The task: The job is to output each record exactly as it stands, pictures excluded.

(Collection entries)
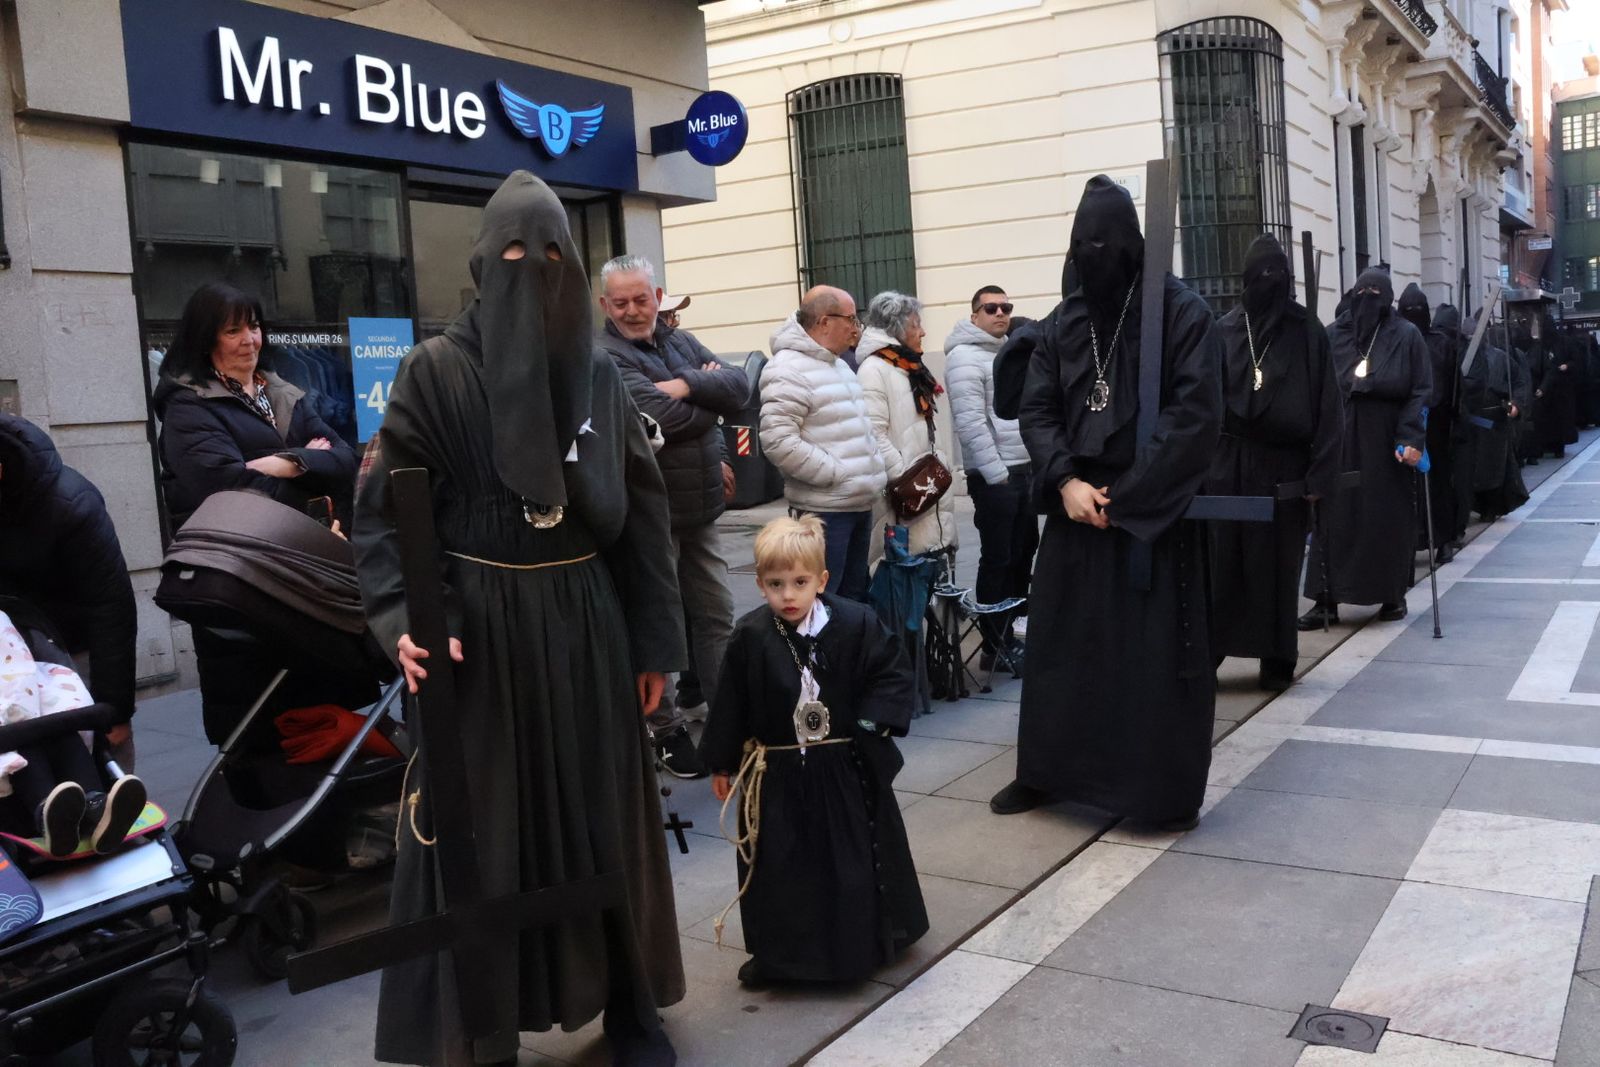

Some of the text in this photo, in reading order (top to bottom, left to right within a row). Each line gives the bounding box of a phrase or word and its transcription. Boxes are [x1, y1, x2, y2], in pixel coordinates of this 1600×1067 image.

[218, 26, 486, 139] Mr. Blue
[547, 111, 564, 141] B
[688, 113, 738, 134] Mr. Blue
[267, 333, 343, 345] RING SUMMER 26
[354, 345, 411, 359] CAMISAS
[358, 381, 394, 414] -4

Solution:
Some of the text in this photo, in reading order (top to bottom, left to right within a row). Each line gives the bounding box of a phrase or word and its transcription. Boxes are [x1, y1, x2, y2], in pixel coordinates of this 1600×1067 image.

[218, 26, 486, 139] Mr. Blue
[547, 111, 564, 141] B
[688, 113, 738, 134] Mr. Blue
[267, 333, 343, 345] RING SUMMER 26
[354, 345, 411, 359] CAMISAS
[358, 381, 394, 414] -4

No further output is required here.